Opinión

Del chiste, las obras y su significado

Por: Manuel Guzmán Treviño

PARA DESTACAR: Denise, con elegancia y maestría, nos advertía que, ya sea en la intimidad como en la vida social, de un momento a otro y sin mayores preámbulos nos piden que apaguemos la luz para no ver ni horrorizarnos ni escandalizarnos de qué y cómo nos vamos a tener que comer todo lo que a los políticos se les ocurra imponernos.

Como en mi vida profesional practico la docencia universitaria en la Facultad de Psicología, en el área clínica hay un tema que no deja de sorprenderme cuando lo trabajamos entre estudiantes y uno mismo. Leemos y conversamos sobre muchos autores.

Uno protagónico: Sigmund Freud, de este un tema es el que se llama “Las Formaciones de lo Inconsciente”. En este tema el doctor Freud estudia y analiza de las minucias cotidianas el sentido oculto que las personas tendemos a guardarnos, sin embargo, según Freud, siempre subyace la necesidad de dar a conocer esas experiencias que hemos ocultado, recomienda cuatro líneas de investigación para alcanzar ese descubrimiento: El análisis de los sueños, el análisis de los síntomas, el análisis de los actos fallidos (léase equívocos de palabra, lectura y actos, así como los diversos olvidos aparentemente banales), el análisis de los chistes.

Bien, un día cualquiera de clase toca el tema del libro que el doctor Freud escribe relativo a los chistes y para llevar la clase a buen puerto, dejé de tarea dos asuntos: la lectura de dicho libro así como la búsqueda y selección para su presentación frente a la clase de un chiste. Todo bien y en orden. La primera hora del seminario se revisa la lectura del texto y la segunda hora, la hora de chistes.

Estudiantes en orden y respeto presentaban sus propuestas humorísticas, algunos buenos chistes, otros para olvidarlos. La hora de la conclusión de la clase se acercaba, sin embargo, lo recuerdo como si hubiera sido ayer. Una chica muy seria y propia, que por lo general habla poco y cuando lo hace su léxico se torna docto y profesional, levanta la mano pidiendo la palabra; sin más se le otorga y por la trascendencia del momento me permito transcribir el chiste con el respeto necesario para quien lo vaya a leer, cito a la estudiante Denise:

“Estaba la mamá y su pequeño hijo de unos ocho años listos para iniciar el desayuno, el papá estaba por integrarse con ellos a la mesa pero el niño aprovechó que no estaba el rey de la casa y dice: Mamá, ¿a qué sabe la luz? Perdón hijo, no entiendo tu pregunta… Si mamá, ¿a qué sabe la luz?… ¿Por qué me haces esa pregunta? Es que anoche cuando iban a dormir, alcancé a escuchar a papá que te decía: Ahora si bodoquito, apaga la luz porque te la vas a comer toda…”.

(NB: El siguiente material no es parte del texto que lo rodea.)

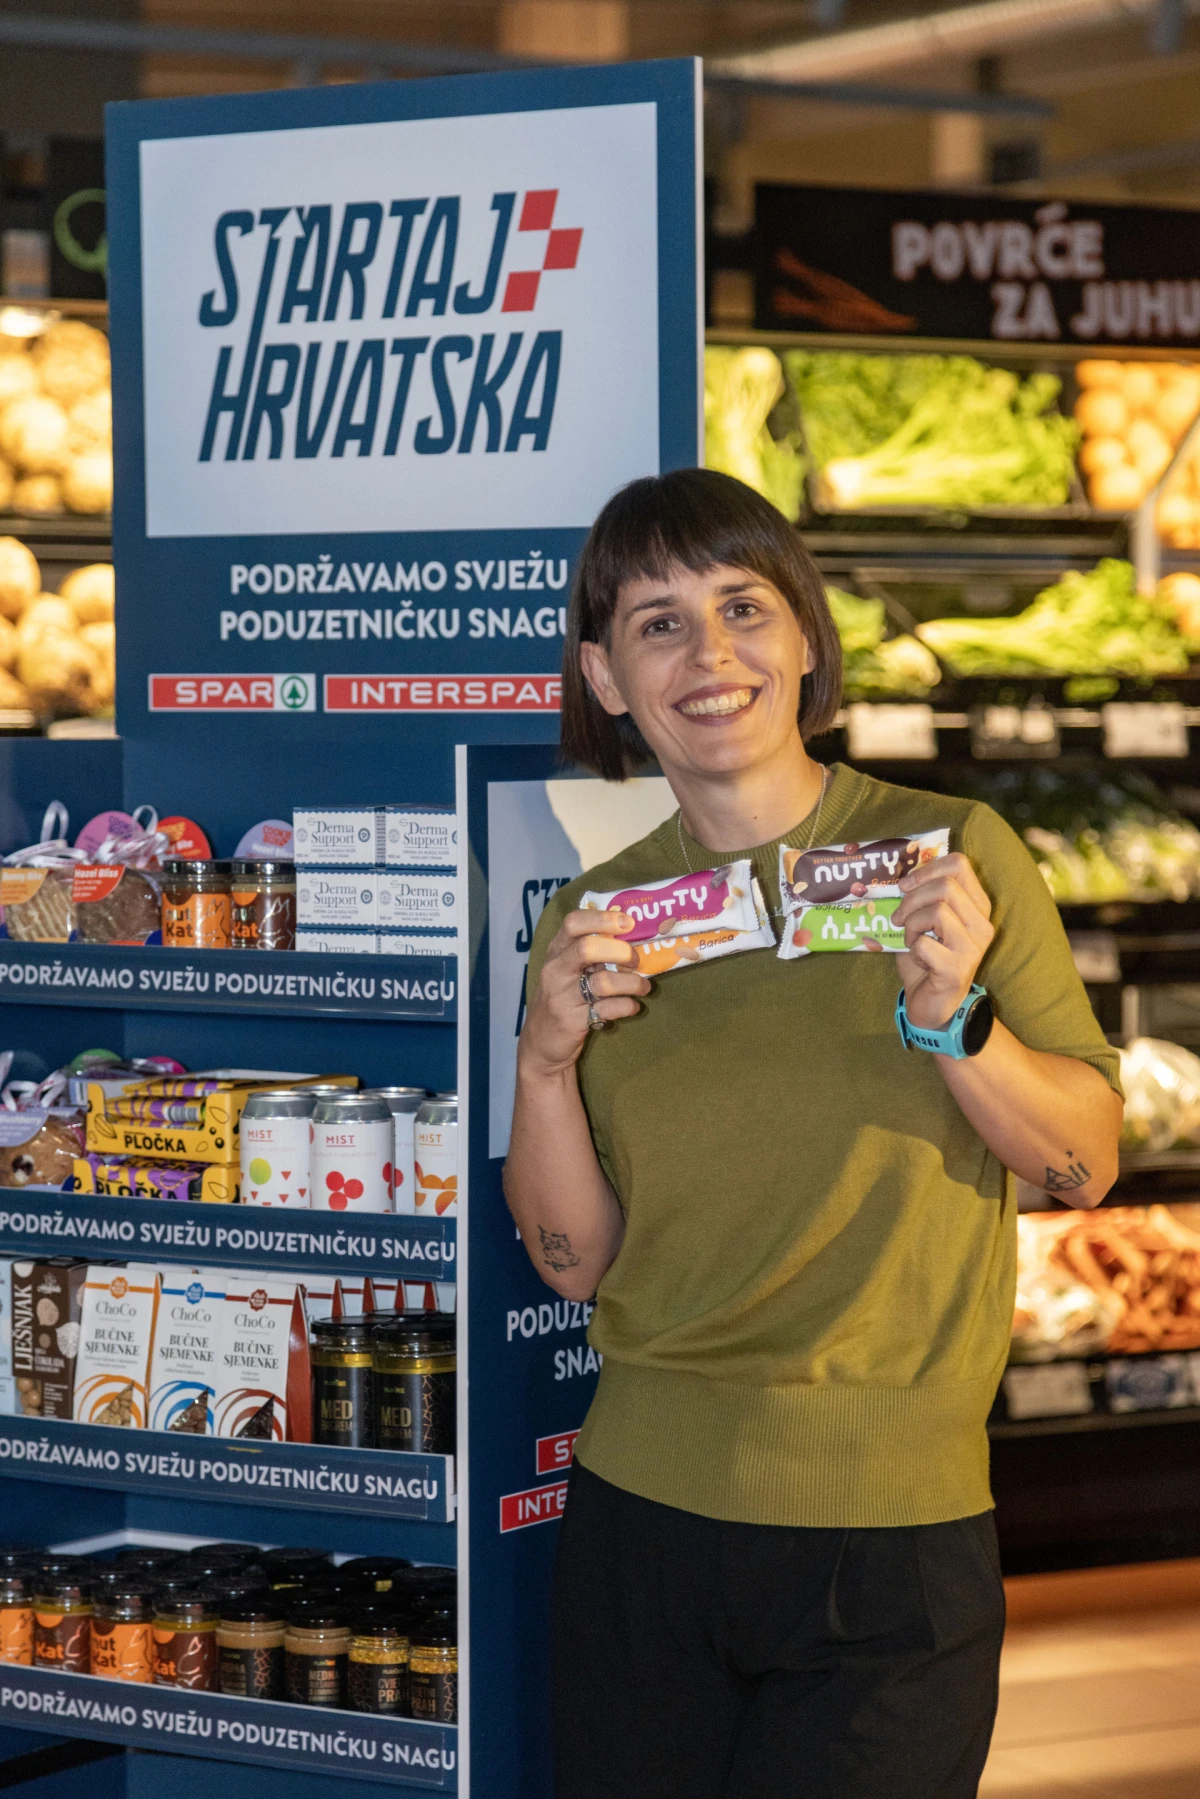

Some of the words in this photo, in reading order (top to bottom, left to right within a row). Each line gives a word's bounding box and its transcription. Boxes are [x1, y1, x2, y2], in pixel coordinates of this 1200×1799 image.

[199, 191, 518, 327] STARTAJ
[990, 280, 1061, 339] ZA
[1070, 279, 1200, 337] JUHU
[198, 330, 563, 462] HRVATSKA
[231, 554, 448, 594] PODRŽAVAMO
[454, 550, 568, 592] SVJEŽU
[220, 600, 461, 641] PODUZETNIČKU
[175, 681, 274, 704] SPAR
[315, 820, 355, 833] Derma
[408, 822, 448, 835] Derma
[311, 832, 355, 847] Support
[403, 833, 448, 848] Support
[319, 881, 357, 895] Derma
[400, 884, 438, 897] Derma
[871, 877, 899, 889] Baric
[314, 894, 357, 908] Support
[394, 894, 438, 910] Support
[679, 912, 717, 925] Barica
[166, 922, 193, 938] Kat
[233, 922, 258, 938] Kat
[699, 934, 735, 951] Barica
[0, 960, 134, 989] PODRŽAVAMO
[139, 966, 210, 993] SVJEŽU
[215, 971, 376, 999] PODUZETNIČKU
[381, 978, 455, 1001] SNAGU
[247, 1129, 273, 1139] MIST
[326, 1135, 355, 1144] MIST
[418, 1133, 443, 1143] MIST
[124, 1132, 188, 1153] PLOČKA
[0, 1211, 135, 1241] PODRŽAVAMO
[140, 1220, 211, 1247] SVJEŽU
[216, 1228, 376, 1257] PODUZETNIČKU
[382, 1236, 455, 1262] SNAGU
[95, 1300, 137, 1317] ChoCo
[171, 1306, 212, 1323] ChoCo
[11, 1284, 34, 1371] LJEŠNJAK
[234, 1313, 276, 1329] ChoCo
[94, 1326, 135, 1342] BUČINE
[169, 1332, 210, 1348] BUČINE
[84, 1340, 140, 1357] SJEMENKE
[160, 1346, 214, 1362] SJEMENKE
[233, 1339, 274, 1355] BUČINE
[223, 1354, 280, 1370] SJEMENKE
[321, 1399, 353, 1420] MED
[381, 1406, 412, 1428] MED
[0, 1437, 120, 1470] ODRŽAVAMO
[125, 1451, 195, 1479] SVJEŽU
[200, 1460, 359, 1494] PODUZETNIČKU
[364, 1475, 438, 1500] SNAGU
[35, 1641, 64, 1660] Kat
[94, 1652, 117, 1668] Kat
[153, 1657, 177, 1677] Kat
[1, 1687, 137, 1726] PODRŽAVAMO
[142, 1708, 212, 1738] SVJEŽU
[217, 1719, 377, 1760] PODUZETNIČKU
[382, 1742, 455, 1770] SNAGU

Risas a granel, pero más, la agradable sorpresa de que la estudiante, la que siempre habla bien y no se le conocen más modos que refinados y dictados por el manual Carreño nos hubiese compartido, al más preciso estilo de barriada, tan peculiar chiste. Di por terminada la clase pero no se me olvidó la importancia y versatilidad del mismo.

Hoy que veo que ya está por concluir la obra de avenida Universidad y Bernardo Quintana y no veo cómo se solucionarán los problemas que dijeron se iban a solucionar, simultáneamente escucho que a partir del primero de enero del 2017 iniciarán otra obra que nos atravesará la vida cotidiana ciudadana.

No pude evitar pensar en aquella lejana clase de Método Psicoanalítico III en que Denise, con elegancia y maestría, nos advertía que, ya sea en la intimidad como en la vida social, de un momento a otro y sin mayores preámbulos nos piden que apaguemos la luz para no ver ni horrorizarnos ni escandalizarnos de qué y cómo nos vamos a tener que comer todo lo que a los políticos se les ocurra imponernos. ¿Qué cosas, no?